Happy Thanksgiving. I hope everyone is having a relaxing holiday. Today I want to give you three entries from the Dictionary of Confusable Words.

1) edible/eatable. What is edible is fit for human consumption {edible mushrooms}. What is eatable is at least minimally palatable {the muffins are somewhat burned though still eatable}.

2) decimate. This word literally means “to kill every tenth person,” a means of repression that goes back to Roman times. But the word has come to mean “to inflict heavy casualties,” and that use is accepted. Less accepted is the further extension to mean “to inflict heavy damage.” Avoid decimate (1) when you are referring to complete destruction or (2) when a percentage is specified. That is, don’t say that a city was “completely decimated,” and don’t say that some natural disaster “decimated 23 percent of the city’s population.”

3)adduce; deduce; induce.
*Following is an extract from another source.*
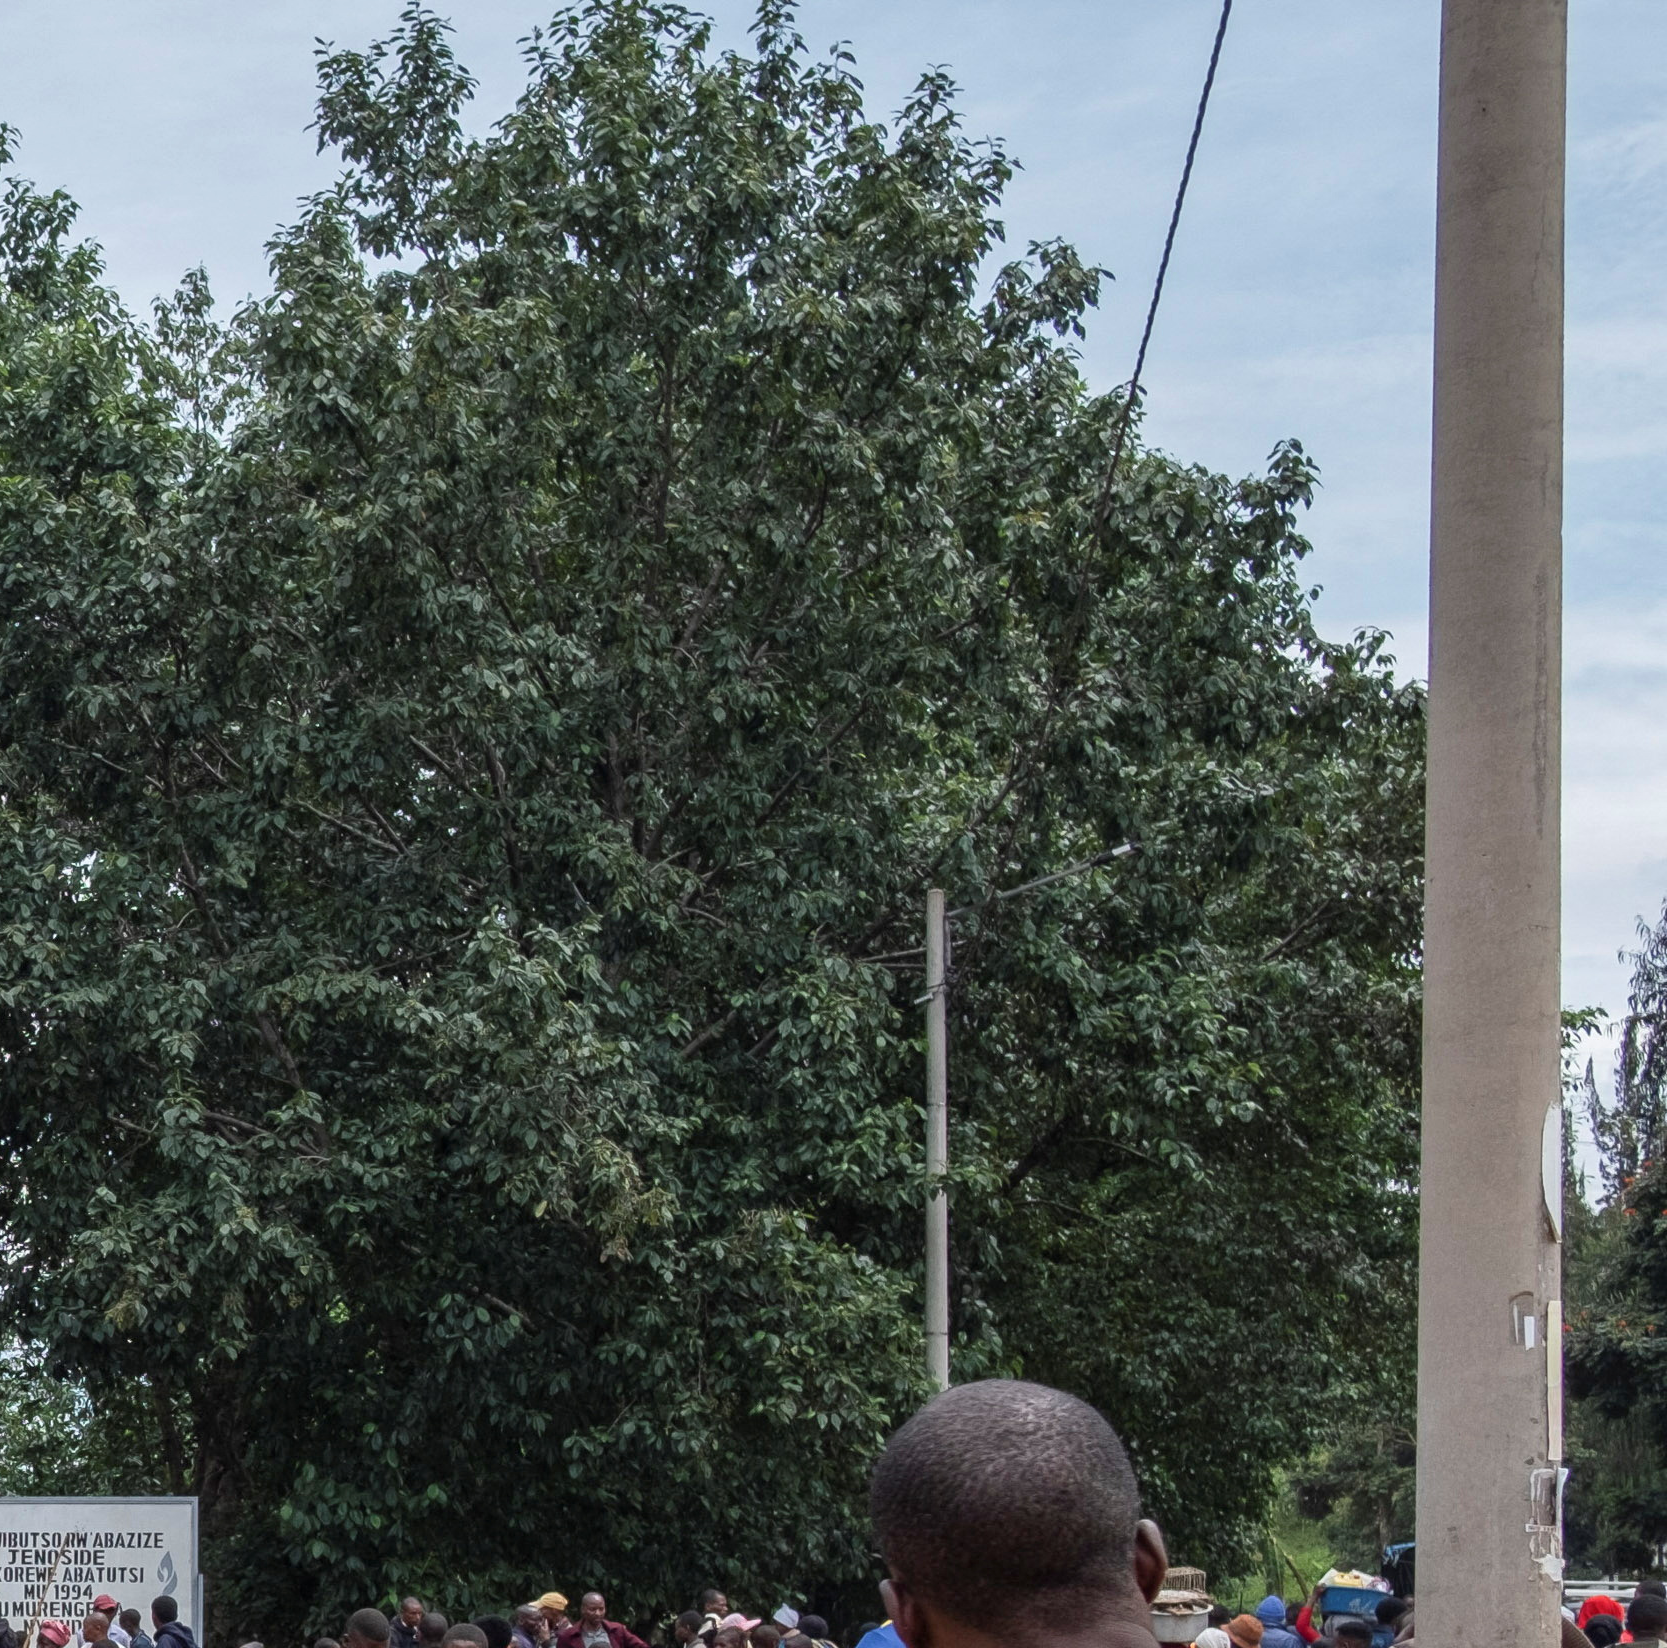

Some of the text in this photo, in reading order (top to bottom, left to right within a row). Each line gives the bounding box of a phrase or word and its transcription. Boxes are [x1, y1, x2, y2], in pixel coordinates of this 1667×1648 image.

[8, 1549, 105, 1566] JENOSIDE
[62, 1566, 145, 1583] ABATUTSI
[23, 1583, 93, 1600] MU 1994
To adduce is to give as a reason, offer as a proof, or cite as an example {as evidence of reliability, she adduced her four years of steady volunteer work as a nurse’s aide}. Deduce and induce are opposite processes. To deduce is to reason from general principles to specific conclusions, or to draw a specific conclusion from general bases {from these clues, one deduces that the butler did it}. To induce is to form a general principle based on specific observations {after years of studying ravens, the researchers induced a few of their social habits}.